Opener “Loom”, a collaboration with British trip-hop musician Bonobo, is injected with the producer’s trademark pulsating beats, but Arnalds also finds space for bright melodies, which he weaves in and around each other until the track – straightforward by design – becomes elaborate in texture. He uses a similar technique on “Still/Sound”: what begins as a collection of sparse piano motifs gradually warms as the electronic treatment deepens. At some points the song could be the momentary quiet section before a club-ready drop; at other times it sounds hymnal.

A subtle piety is there too on “Woven Song”, reminiscent of the most tender tracks Sufjan Stevens wrote for the 2017 film Call Me By Your Name. Here the piano is accompanied by a vocal sample of Herlinda Agustin Fernandez of the Shipibo Shamans, an ancient Peruvian tribe who live in the Amazon rainforest.
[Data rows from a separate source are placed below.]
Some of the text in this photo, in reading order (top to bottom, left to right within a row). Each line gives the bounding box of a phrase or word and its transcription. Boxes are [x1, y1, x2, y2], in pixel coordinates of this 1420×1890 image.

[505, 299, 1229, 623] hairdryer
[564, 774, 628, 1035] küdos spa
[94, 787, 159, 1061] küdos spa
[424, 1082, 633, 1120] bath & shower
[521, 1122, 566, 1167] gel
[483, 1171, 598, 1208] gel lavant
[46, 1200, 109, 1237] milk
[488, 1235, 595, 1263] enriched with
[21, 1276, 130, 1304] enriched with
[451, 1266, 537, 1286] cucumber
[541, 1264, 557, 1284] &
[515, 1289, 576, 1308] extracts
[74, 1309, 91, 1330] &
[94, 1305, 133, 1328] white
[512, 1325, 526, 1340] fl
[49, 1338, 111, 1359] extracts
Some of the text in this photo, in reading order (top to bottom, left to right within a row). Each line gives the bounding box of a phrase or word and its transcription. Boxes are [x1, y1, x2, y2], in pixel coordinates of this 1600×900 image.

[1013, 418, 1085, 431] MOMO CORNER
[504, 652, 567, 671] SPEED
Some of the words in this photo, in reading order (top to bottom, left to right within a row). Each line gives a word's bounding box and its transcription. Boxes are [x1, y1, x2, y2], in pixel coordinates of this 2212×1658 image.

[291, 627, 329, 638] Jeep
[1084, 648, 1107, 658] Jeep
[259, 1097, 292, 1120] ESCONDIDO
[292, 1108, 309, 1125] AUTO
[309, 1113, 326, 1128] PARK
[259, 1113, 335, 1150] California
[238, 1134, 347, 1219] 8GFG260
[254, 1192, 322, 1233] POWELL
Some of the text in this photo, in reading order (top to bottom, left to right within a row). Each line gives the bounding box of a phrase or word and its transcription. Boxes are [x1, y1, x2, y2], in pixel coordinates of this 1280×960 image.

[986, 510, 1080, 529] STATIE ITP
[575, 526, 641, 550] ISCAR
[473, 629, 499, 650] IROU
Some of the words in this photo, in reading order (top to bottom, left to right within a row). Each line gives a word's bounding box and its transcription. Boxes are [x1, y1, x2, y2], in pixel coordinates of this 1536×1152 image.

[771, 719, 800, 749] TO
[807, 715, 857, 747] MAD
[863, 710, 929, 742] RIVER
Sung as though down a phone line, the vocals offer an ethereality to the now familiar warmth of Arnalds’ strings. These traditional orchestral instruments, when placed next to such a voice, take on a whole new mode – and it becomes clear why Arnalds keeps returning to them and their endless possibilities.

On an album that is majoritively instrumental, the rare appearance of the human voice lends immediate closeness, particularly on two new recordings. The first is that of Icelandic singer JFDR, real name Jófríður Ákadóttir, who features on “Back to the Sky”, a burgeoning electro-pop track, where she asks “What do I do/With half of myself?”

The second is from Josin – the artist name of German composer and producer Arabella Rauch – who, on the intense bliss of “The Bottom Line”, offers some of the album’s most affecting moments. It's here, as Josin’s rich, reedy voice mimics the track's deep cello, that Arnalds sounds most comfortable in following his remarkable musical instinct, more exposed and more grounded than ever before.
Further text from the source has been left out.